## BRIEF
Exact copy, no pictures: return all the data below as written.

---- THE DATA

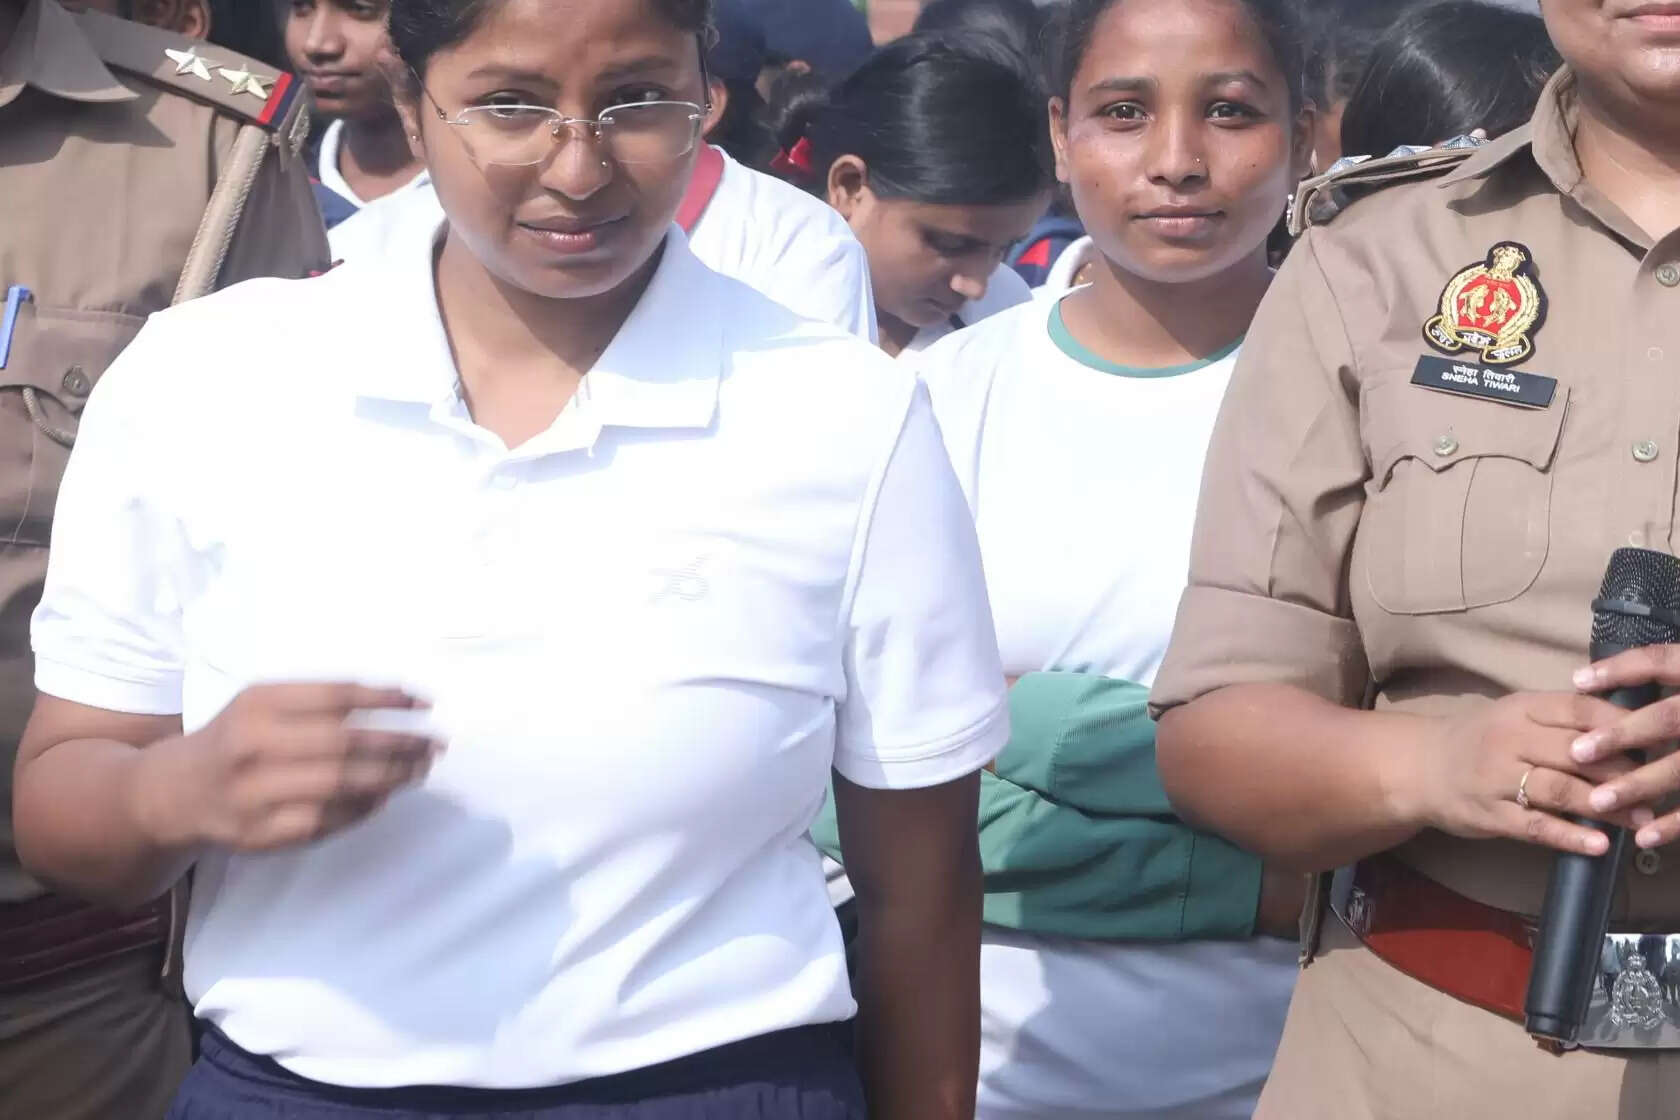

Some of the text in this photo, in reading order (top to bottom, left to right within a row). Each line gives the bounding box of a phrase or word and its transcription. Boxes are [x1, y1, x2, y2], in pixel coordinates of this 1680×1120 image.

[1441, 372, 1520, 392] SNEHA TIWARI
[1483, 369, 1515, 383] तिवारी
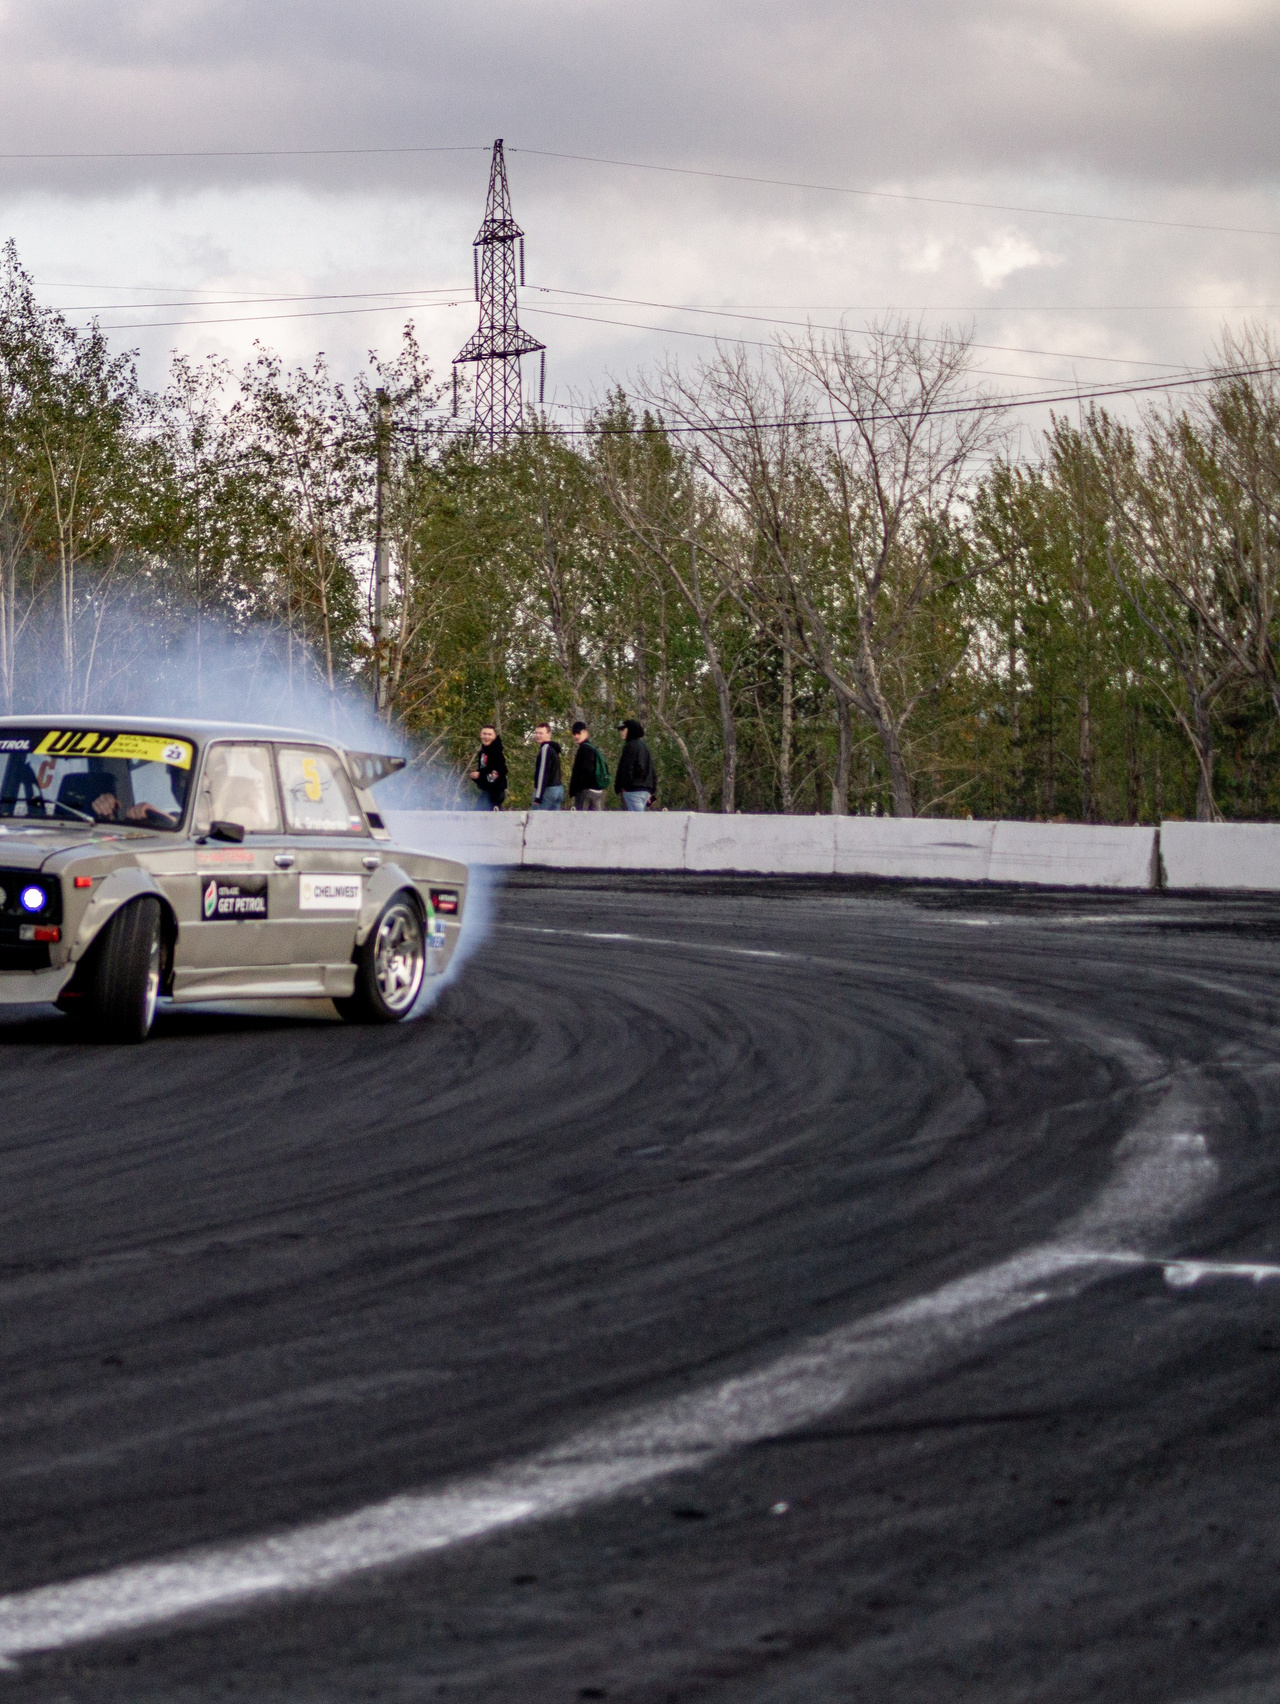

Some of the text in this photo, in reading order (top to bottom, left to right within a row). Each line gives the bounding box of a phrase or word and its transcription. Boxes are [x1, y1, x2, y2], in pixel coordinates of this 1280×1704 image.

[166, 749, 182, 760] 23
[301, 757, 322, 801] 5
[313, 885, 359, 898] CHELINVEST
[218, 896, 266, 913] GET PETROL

--------

## SOLUTION TO THIS PROBLEM
Some of the text in this photo, in reading order (top to bottom, left to right within a row). Each line gives the bounding box of a phrase or word and its transcription. Boxes are [x1, y1, x2, y2], in pixel coordinates of this 1680×1120 image.

[1441, 372, 1520, 392] SNEHA TIWARI
[1483, 369, 1515, 383] तिवारी

Some of the text in this photo, in reading order (top to bottom, left to right within a row). Each line gives the bounding box of a phrase or word and its transcription. Boxes are [x1, y1, x2, y2], in pixel coordinates of this 1280×1704 image.

[166, 749, 182, 760] 23
[301, 757, 322, 801] 5
[313, 885, 359, 898] CHELINVEST
[218, 896, 266, 913] GET PETROL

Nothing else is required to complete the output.